- _Work required_
Please write out all the data exactly as shown.

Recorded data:
*** Begin section ***

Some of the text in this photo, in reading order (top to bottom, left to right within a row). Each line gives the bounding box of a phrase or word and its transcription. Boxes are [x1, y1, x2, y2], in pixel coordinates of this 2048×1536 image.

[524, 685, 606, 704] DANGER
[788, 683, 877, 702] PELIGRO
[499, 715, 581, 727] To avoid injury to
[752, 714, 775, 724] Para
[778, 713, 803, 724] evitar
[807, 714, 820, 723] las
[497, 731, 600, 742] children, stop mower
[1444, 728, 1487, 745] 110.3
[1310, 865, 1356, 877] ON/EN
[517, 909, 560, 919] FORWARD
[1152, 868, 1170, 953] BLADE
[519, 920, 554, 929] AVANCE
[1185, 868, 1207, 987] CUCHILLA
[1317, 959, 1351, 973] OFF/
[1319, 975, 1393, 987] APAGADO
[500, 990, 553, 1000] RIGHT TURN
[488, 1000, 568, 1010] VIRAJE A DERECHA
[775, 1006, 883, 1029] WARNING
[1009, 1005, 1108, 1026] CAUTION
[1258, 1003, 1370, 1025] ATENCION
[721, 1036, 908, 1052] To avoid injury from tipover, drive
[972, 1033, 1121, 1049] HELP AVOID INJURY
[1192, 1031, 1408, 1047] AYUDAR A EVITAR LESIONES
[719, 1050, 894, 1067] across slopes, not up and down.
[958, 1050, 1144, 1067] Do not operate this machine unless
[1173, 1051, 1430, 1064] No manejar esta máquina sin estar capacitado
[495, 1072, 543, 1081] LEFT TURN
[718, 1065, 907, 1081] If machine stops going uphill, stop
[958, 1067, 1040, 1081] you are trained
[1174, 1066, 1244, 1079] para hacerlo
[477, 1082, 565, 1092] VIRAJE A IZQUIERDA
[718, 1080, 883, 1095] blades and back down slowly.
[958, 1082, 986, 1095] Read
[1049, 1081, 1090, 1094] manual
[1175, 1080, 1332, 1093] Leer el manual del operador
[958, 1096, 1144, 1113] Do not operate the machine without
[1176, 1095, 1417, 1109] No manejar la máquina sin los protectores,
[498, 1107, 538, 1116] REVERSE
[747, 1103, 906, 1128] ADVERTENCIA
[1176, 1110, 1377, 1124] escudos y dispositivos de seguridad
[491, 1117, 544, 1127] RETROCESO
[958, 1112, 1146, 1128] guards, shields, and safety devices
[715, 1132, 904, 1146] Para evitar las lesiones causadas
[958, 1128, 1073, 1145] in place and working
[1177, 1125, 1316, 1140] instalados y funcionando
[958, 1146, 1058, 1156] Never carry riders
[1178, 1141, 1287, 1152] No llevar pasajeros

*** End section ***

- _Completed task_
Some of the text in this photo, in reading order (top to bottom, left to right within a row). Each line gives the bounding box of a phrase or word and its transcription. Boxes are [x1, y1, x2, y2], in pixel coordinates of this 2048×1536 image.

[524, 685, 606, 704] DANGER
[788, 683, 877, 702] PELIGRO
[499, 715, 581, 727] To avoid injury to
[752, 714, 775, 724] Para
[778, 713, 803, 724] evitar
[807, 714, 820, 723] las
[497, 731, 600, 742] children, stop mower
[1444, 728, 1487, 745] 110.3
[1310, 865, 1356, 877] ON/EN
[517, 909, 560, 919] FORWARD
[1152, 868, 1170, 953] BLADE
[519, 920, 554, 929] AVANCE
[1185, 868, 1207, 987] CUCHILLA
[1317, 959, 1351, 973] OFF/
[1319, 975, 1393, 987] APAGADO
[500, 990, 553, 1000] RIGHT TURN
[488, 1000, 568, 1010] VIRAJE A DERECHA
[775, 1006, 883, 1029] WARNING
[1009, 1005, 1108, 1026] CAUTION
[1258, 1003, 1370, 1025] ATENCION
[721, 1036, 908, 1052] To avoid injury from tipover, drive
[972, 1033, 1121, 1049] HELP AVOID INJURY
[1192, 1031, 1408, 1047] AYUDAR A EVITAR LESIONES
[719, 1050, 894, 1067] across slopes, not up and down.
[958, 1050, 1144, 1067] Do not operate this machine unless
[1173, 1051, 1430, 1064] No manejar esta máquina sin estar capacitado
[495, 1072, 543, 1081] LEFT TURN
[718, 1065, 907, 1081] If machine stops going uphill, stop
[958, 1067, 1040, 1081] you are trained
[1174, 1066, 1244, 1079] para hacerlo
[477, 1082, 565, 1092] VIRAJE A IZQUIERDA
[718, 1080, 883, 1095] blades and back down slowly.
[958, 1082, 986, 1095] Read
[1049, 1081, 1090, 1094] manual
[1175, 1080, 1332, 1093] Leer el manual del operador
[958, 1096, 1144, 1113] Do not operate the machine without
[1176, 1095, 1417, 1109] No manejar la máquina sin los protectores,
[498, 1107, 538, 1116] REVERSE
[747, 1103, 906, 1128] ADVERTENCIA
[1176, 1110, 1377, 1124] escudos y dispositivos de seguridad
[491, 1117, 544, 1127] RETROCESO
[958, 1112, 1146, 1128] guards, shields, and safety devices
[715, 1132, 904, 1146] Para evitar las lesiones causadas
[958, 1128, 1073, 1145] in place and working
[1177, 1125, 1316, 1140] instalados y funcionando
[958, 1146, 1058, 1156] Never carry riders
[1178, 1141, 1287, 1152] No llevar pasajeros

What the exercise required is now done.